Bush admin officials can’t be held liable for post-9/11 Muslim profiling & abuse, SCOTUS rules
In a 4-2 decision Monday, a depleted bench of Supreme Court justices ruled on a civil-rights lawsuit that was filed by a group of Muslim, Arab and South Asian non-citizens in 2002. The plaintiffs, among hundreds arrested and detained after the September 11, 2001 terrorist attacks, accused high-level executive officials of violating the US Constitution by allowing illegal detention policies to be implemented.
The ruling reversed an earlier decision by the Second Circuit Court of Appeals that allowed claims to go forward against three former officials in the Justice Department: former Attorney General John Ashcroft, former FBI director Robert Mueller, and former Immigration and Naturalization Service Commissioner James Ziglar. The three officials risked being on the line for personal liability if the court ruled against them.
The six plaintiffs were seeking damages for alleged violations of their constitutional protection to due process. They also argue they were detained as terrorism suspects based on their apparent race, religion, or ethnicity in violation of the equal protection rights component of the Fifth Amendment.
In the wake of the 9/11 attacks, the FBI arrested and detained more than 700 non-US citizens of Muslim, Arab and South Asian heritage on immigration charges. The lawsuit charges that those immigrants were detained in harsh conditions, despite only being charged with civil immigration violations.
The plaintiffs were allegedly subjected to live in tiny cells for 23 hours a day, where they were denied access to “most forms of communication with the outside world” and were held at the Metropolitan Detention Center (MDC) in Brooklyn, New York for three to eight months. Since they were in the country illegally at the time, all the plaintiffs were deported from the country upon their release.
On Monday, the Supreme Court decided that the suit for money damages could not proceed without authorization from Congress.
"After considering the special factors necessarily implicated by the detention policy claims, the Court now holds that those factors show that whether a damages action should be allowed is a decision for the Congress to make, not the courts," Justice Anthony Kennedy wrote for the court.
Writing the dissent, Justice Stephen Breyer compared the detention of Muslims after September 11 to the internment of more than 70,000 American citizens of Japanese origin after the attacks on Pearl Harbor.
“History tells us of far too many instances where the Executive or Legislative Branch took actions during time of war that, on later examination, turned out unnecessarily and unreasonably to have deprived American citizens of basic constitutional rights,” Breyer wrote.
Rachel Meeropol, Senior Staff Attorney for the Center for Constitutional Rights, the advocacy group that represented the detainees, said they were “very disappointed” with the court’s dismissal of their clients’ claims.
“The Court’s decision allows for high-level officials to violate the Constitution without fear of personal accountability—a dangerous message in this time of rampant state-sponsored discrimination against Muslim and immigrant communities,” Meeropol said in a statement.
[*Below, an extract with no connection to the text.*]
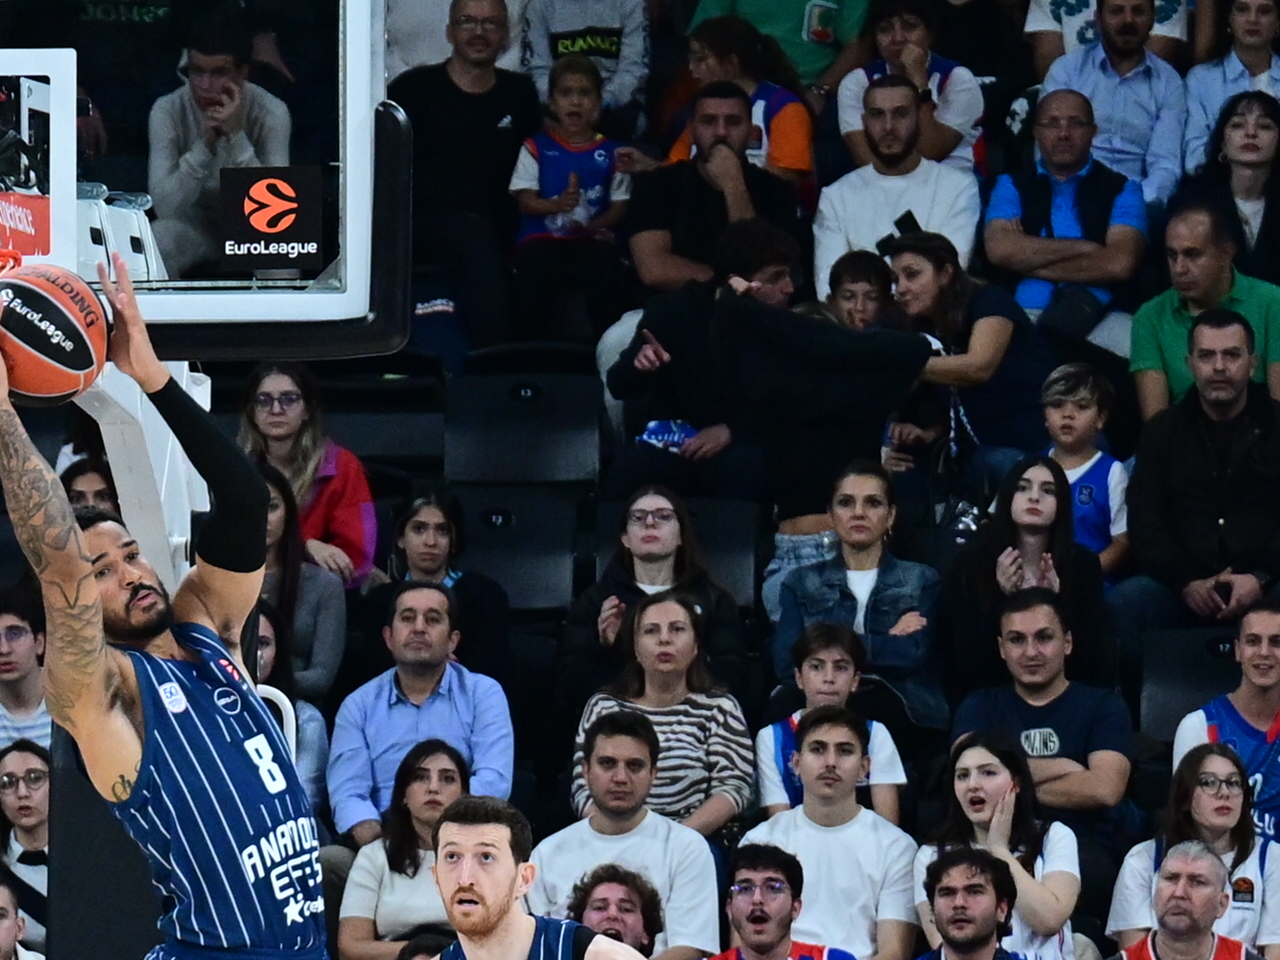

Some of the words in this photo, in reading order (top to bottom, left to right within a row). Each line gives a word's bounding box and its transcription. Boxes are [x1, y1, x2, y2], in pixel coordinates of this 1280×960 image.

[225, 240, 318, 258] EuroLeague
[9, 297, 75, 352] EuroLeague
[244, 733, 287, 795] 8
[242, 816, 319, 884] ANADOL
Benamar Benatta, one of the plaintiffs, also called the decision “a total failure of justice.”
“It is only by holding high-level officials to account when their policies are ineffective or discriminatory that a country can properly heal and look forward to the future,” Benatta said.
The justices, however, did allow claims against detention facility warden Dennis Hasty to be argued in a lower court. The suit accuses Hasty and the facility of subjecting detainees to punitive strip searches in violation of the Fourth and Fifth Amendments.
Justices Elena Kagan and Sonia Sotomayor recused themselves, because they dealt with the case in previous jobs, and Justice Neil Gorsuch was not on the bench when the case was argued.